- **Work instructions**: None of the images should appear in your copy. Transcribe the data in full.

Source material below:

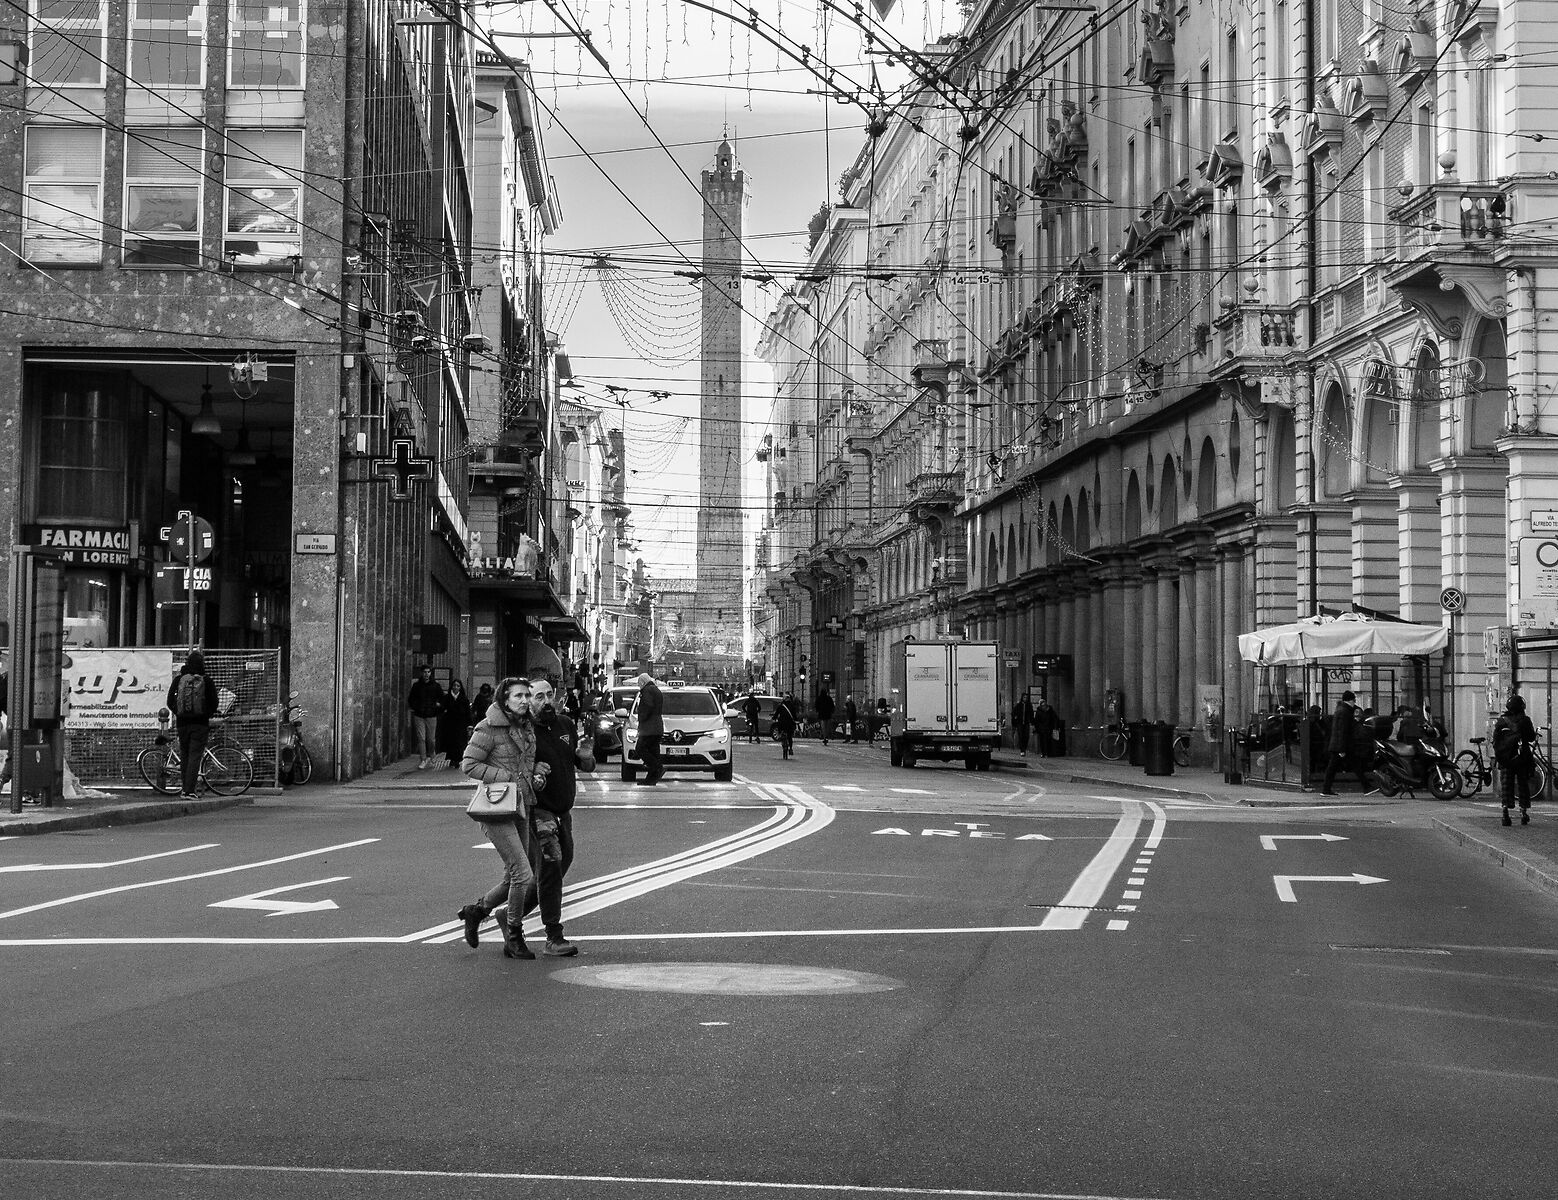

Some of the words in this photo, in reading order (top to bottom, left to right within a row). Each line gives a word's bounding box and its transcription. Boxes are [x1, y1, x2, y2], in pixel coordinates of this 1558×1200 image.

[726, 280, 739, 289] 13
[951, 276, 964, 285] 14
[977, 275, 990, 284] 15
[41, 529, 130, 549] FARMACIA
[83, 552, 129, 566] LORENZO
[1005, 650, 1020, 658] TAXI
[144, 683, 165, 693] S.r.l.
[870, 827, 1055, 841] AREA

End of Source material.

- **Response to the exercise**:
Some of the words in this photo, in reading order (top to bottom, left to right within a row). Each line gives a word's bounding box and its transcription. Boxes are [x1, y1, x2, y2], in pixel coordinates of this 1558×1200 image.

[726, 280, 739, 289] 13
[951, 276, 964, 285] 14
[977, 275, 990, 284] 15
[41, 529, 130, 549] FARMACIA
[83, 552, 129, 566] LORENZO
[1005, 650, 1020, 658] TAXI
[144, 683, 165, 693] S.r.l.
[870, 827, 1055, 841] AREA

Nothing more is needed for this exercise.